Deconstructing Lottery Tickets: Zeros, Signs, and the Supermask

Hattie Zhou, Janice Lan, Rosanne Liu, Jason Yosinski

Uber

•

Hattie Zhou, Janice Lan, Rosanne Liu, Jason Yosinski

•16 min read•advanced•

--

•View Original

Neural NetworksSolid

Overview

The article explores the Lottery Ticket Hypothesis, which posits that within large neural networks, smaller subnetworks can be identified that perform comparably to the full network when trained independently. It discusses the mechanisms behind these subnetworks, introduces the concept of Supermasks, and evaluates different criteria for weight pruning to enhance performance.

What You'll Learn

1

How to identify and utilize Supermasks in neural networks

2

Why the initial weights of neural networks impact training outcomes

3

When to apply different weight masking criteria for optimal performance

Prerequisites & Requirements

Understanding of neural networks and weight pruning techniques

Key Questions Answered

What is the Lottery Ticket Hypothesis?

The Lottery Ticket Hypothesis suggests that within a large neural network, there exist smaller subnetworks, or 'lottery tickets', that can be trained to perform as well as the full network.
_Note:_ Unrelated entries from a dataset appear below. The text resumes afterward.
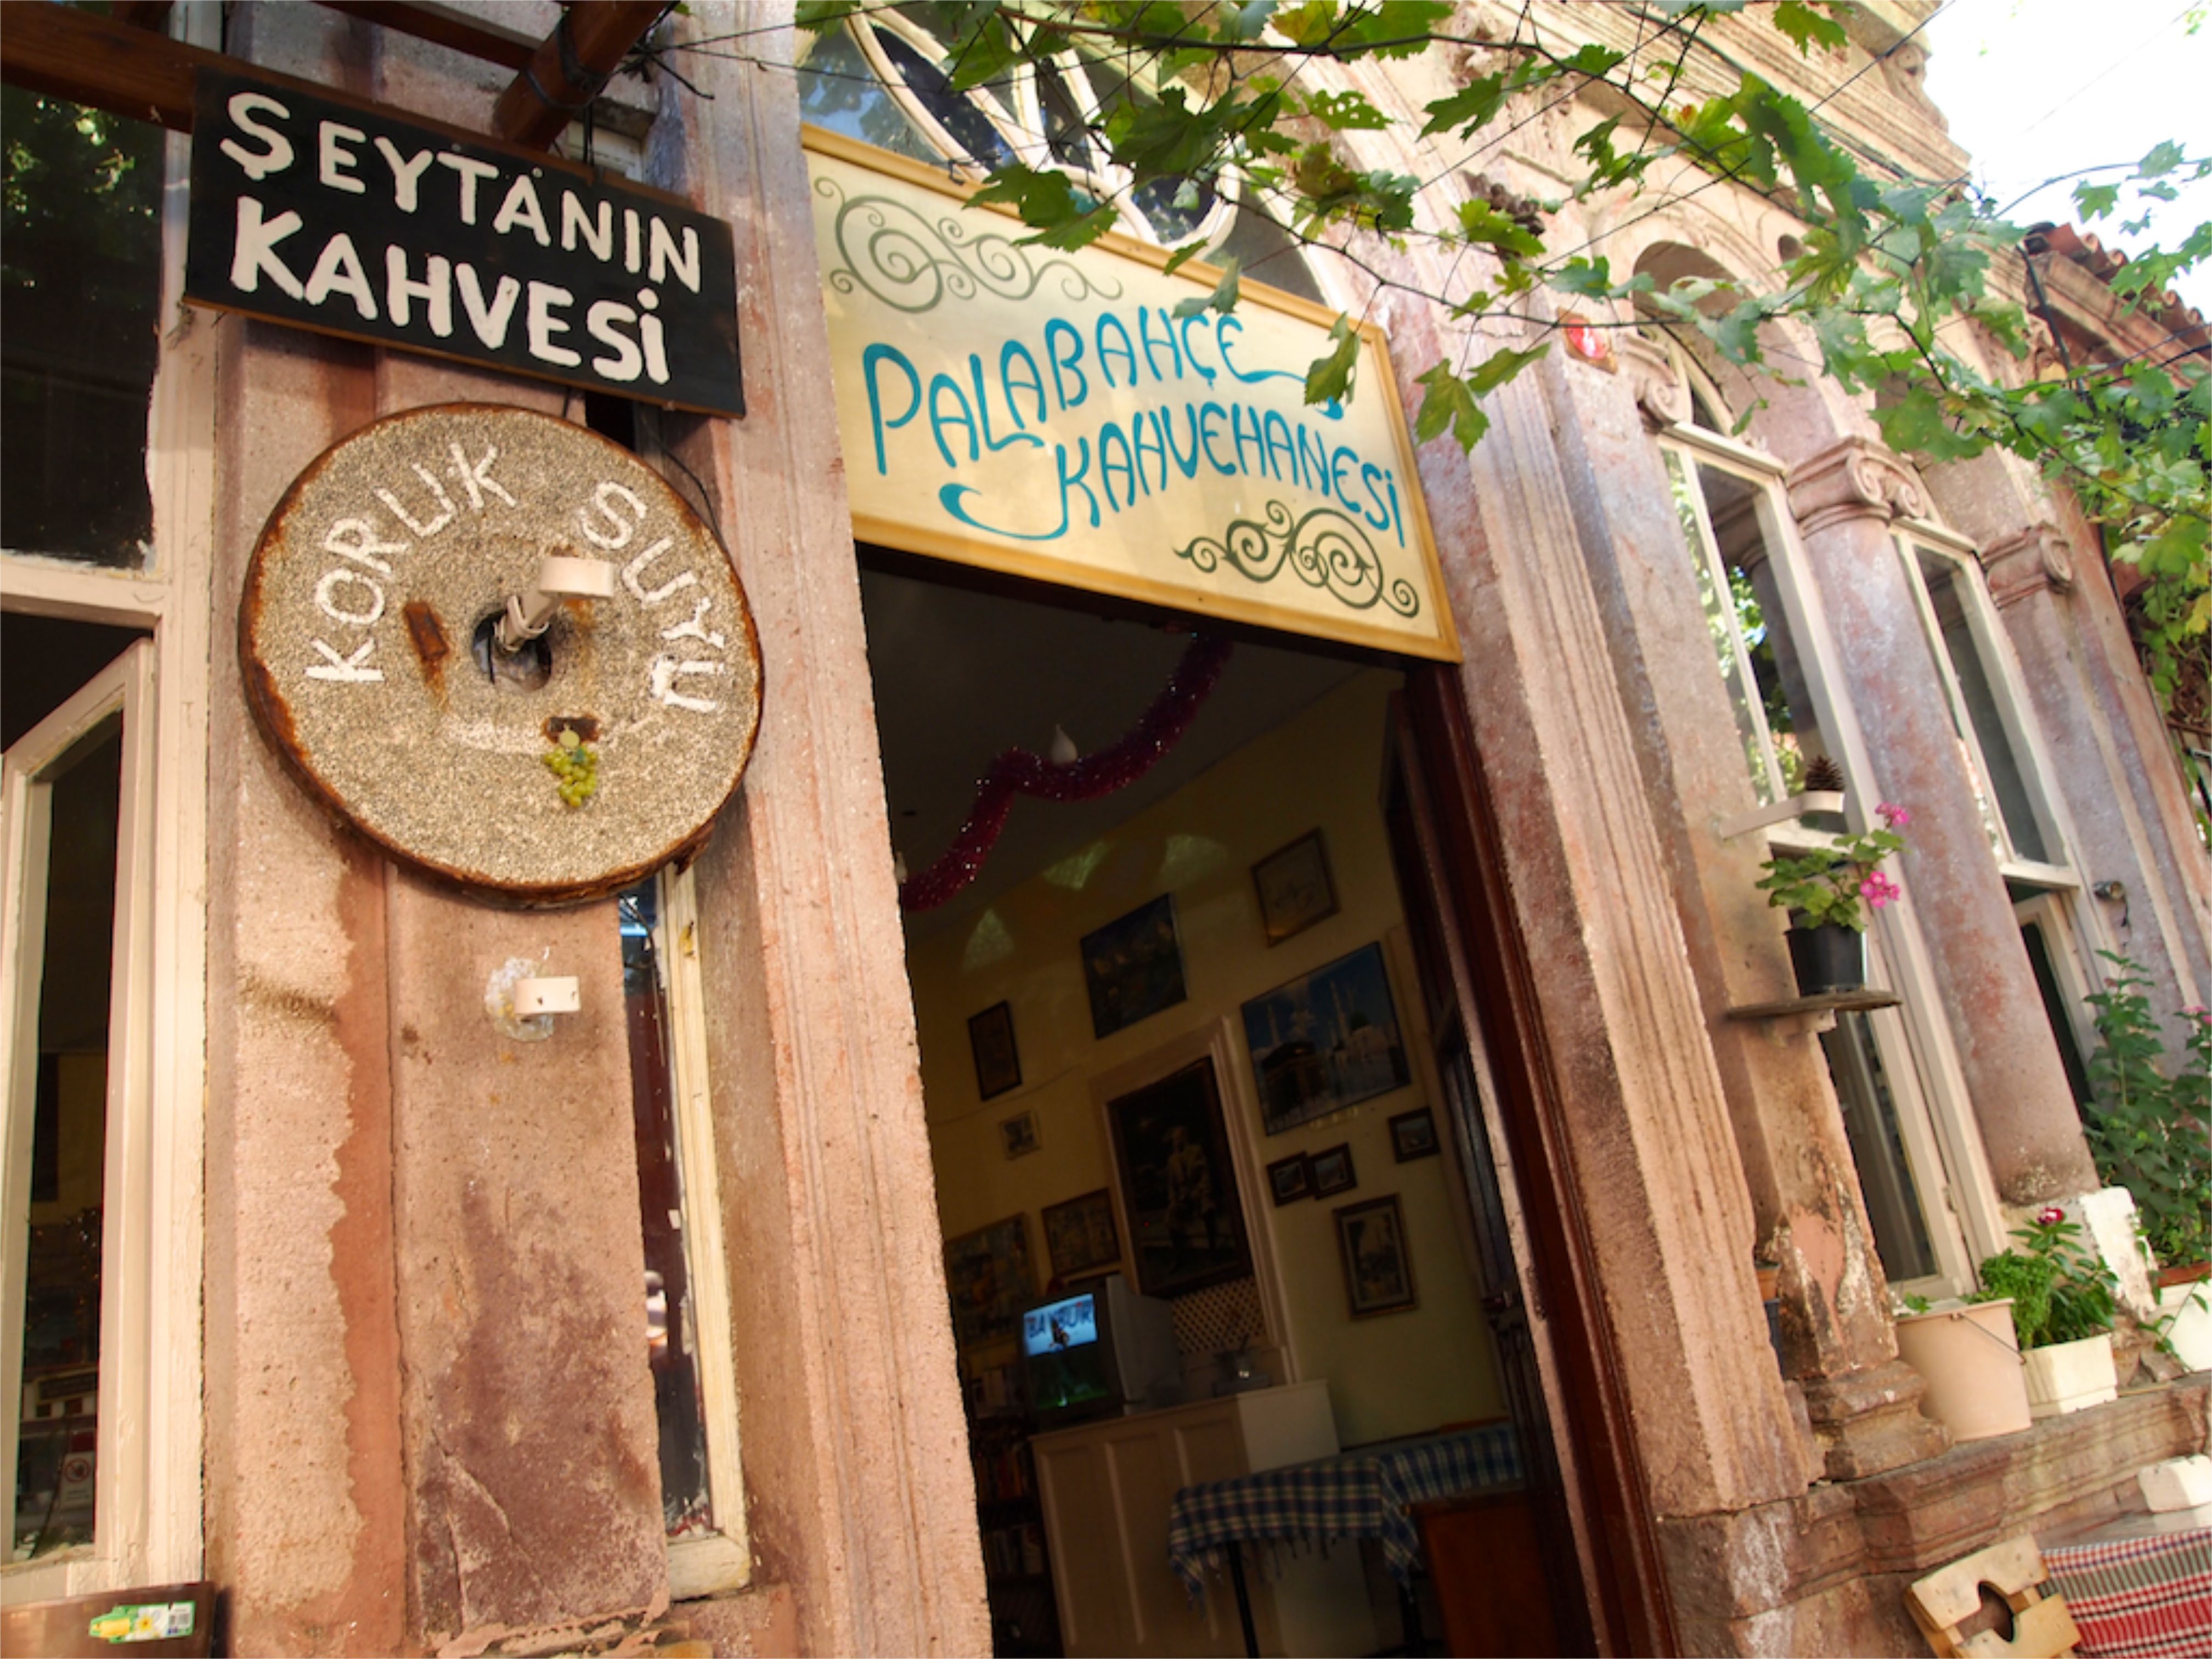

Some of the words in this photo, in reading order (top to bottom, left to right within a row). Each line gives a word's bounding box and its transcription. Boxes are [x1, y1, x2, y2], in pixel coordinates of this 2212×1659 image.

[219, 92, 701, 294] ŞEYTANIN
[230, 196, 670, 386] KAHVESİ
[862, 306, 1344, 476] PALABAHÇE
[938, 402, 1406, 548] KAHVEHANESİ
[306, 441, 517, 682] KORUK
This is achieved by pruning weights below a certain threshold and retraining the remaining weights from their initial values.

How do Supermasks improve neural network performance?

Supermasks are binary masks applied to neural networks that allow them to achieve better-than-chance accuracy without additional training. They are created based on specific criteria that select weights that have shown significant performance during training.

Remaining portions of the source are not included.